Representative examples of (a-b) dynamic reconstruction and (c-d) real-time imaging of the DREME-MR models in the XCAT study. The training and testing scenarios are labeled in each sub-figure. For each sub-figure, the first row shows the estimated LV motion curves along the AP direction, with the dots indicating the selected time points for plotting. The following rows compare the estimated MR images with the ‘ground-truth’ images at the four time points. Rows 2–4 are magnified views of the heart, corresponding to the full-volume images in rows 5–7. The window widths of the difference images are half of those of the MR images.

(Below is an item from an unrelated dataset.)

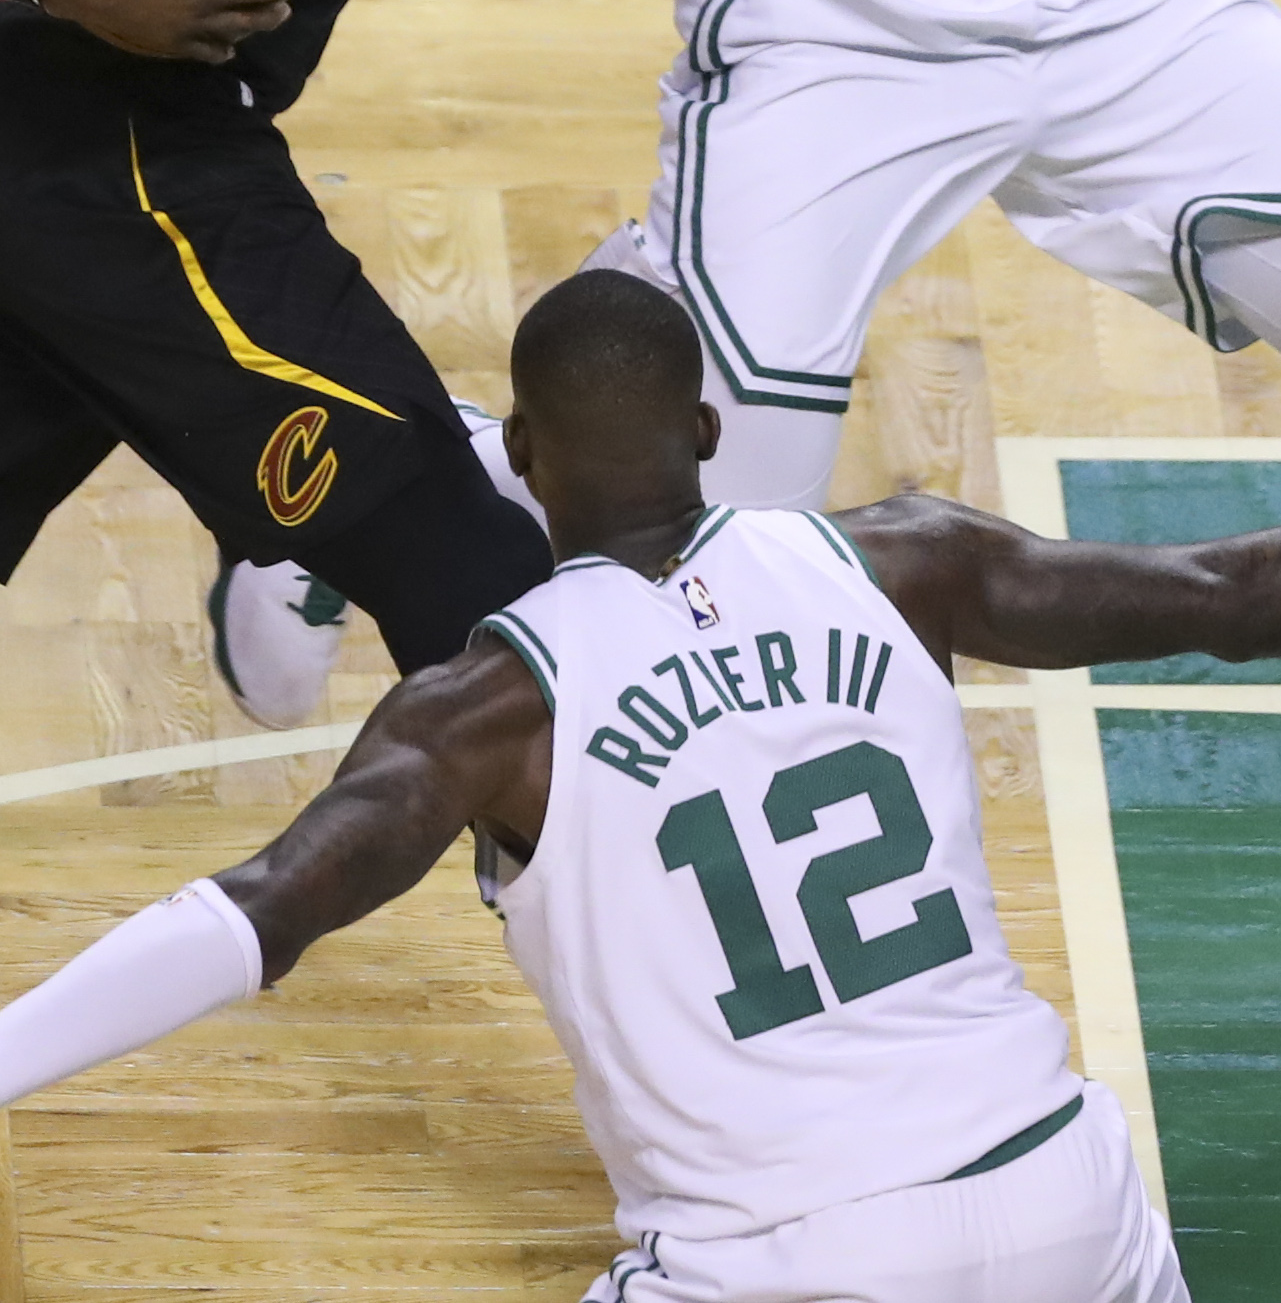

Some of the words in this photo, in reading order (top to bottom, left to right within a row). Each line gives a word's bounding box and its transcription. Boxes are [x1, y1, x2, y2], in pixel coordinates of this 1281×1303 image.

4.2. The human subject study

Figure 5 compares MR images reconstructed using NUFFT and DREME-MR in the human subject study. Two DREME-MR models were trained, using 100% and 75% of k-space data (Sec. 3.5.2), as indicated by the figure titles. DREME-MR removed image noise and artifacts observed in the NUFFT reconstruction, and showed better-defined anatomical structures as highlighted by arrows. The match between the reference anatomy of the 100% and 75% models demonstrated that DREME-MR can successfully reconstruct a dynamic MRI set under a 220-s scan time (for the 75% model). Figure 6 compares the filtered liver and LV center-of-mass trajectories with motion surrogate signals extracted from the k-space data. The first and second halves of each panel correspond to the tasks of dynamic reconstruction and real-time imaging, respectively. Table 6 summarizes the Pearson correlation coefficients between the DREME-MR-resolved trajectories and the surrogate signals for the liver and the LV. Overall, high correlation coefficients (> 0.95) are observed for both tasks for liver motion tracking. In comparison, for the LV motion tracking, the correlation coefficient decreased to 0.63 and 0.34 in the left-right (LR) and AP directions, matching the observations from the XCAT study. Table 7 shows the DVF quality evaluation. Similar to the XCAT study, small $\text{SD}\mathit{\text{log}}\left(\text{J}\right)$ values and negligible J<0 indicate smooth and physiologically plausible motion fields. Figure 7 presents the DREME-MR-resolved MRIs of the human subject, with both MRI volumes from the dynamic reconstruction (learning task 1) and from real-time tracking (learning task 2) shown.

Figure 5.

Comparison of reconstructed reference anatomy in the human subject study. The first panel shows the NUFFT-based reconstruction, using coil-compressed k-space data. The second and third panels compare DREME-MR-reconstructed reference anatomy using 100% and 75% of k-space data, respectively. Arrows highlight the areas with sharper anatomy.

Figure 6.

Comparison of DREME-MR-estimated liver and LV motion curves with the motion surrogate signals of the human subject study. (a-b) show the liver center-of-mass trajectories in the SI and AP directions. (c-d) show the LV center-of-mass trajectories in the LR and AP directions. The surrogate signals are extracted from the zero-frequency components of the k-space data. The high- and low-frequency components are filtered out from the curves to emphasize respiratory and cardiac motions of the liver and LV, respectively. The vertical dashed lines at frame 1,443 show the separations between dynamic reconstruction and real-time imaging tasks. Due to space constraints, only results corresponding to frame indices 1350 to 1542 are displayed.

Table 6.

Pearson correlation coefficients of the liver and the LV, between surrogate signals curves and the DREME-MR-resolved motion trajectories.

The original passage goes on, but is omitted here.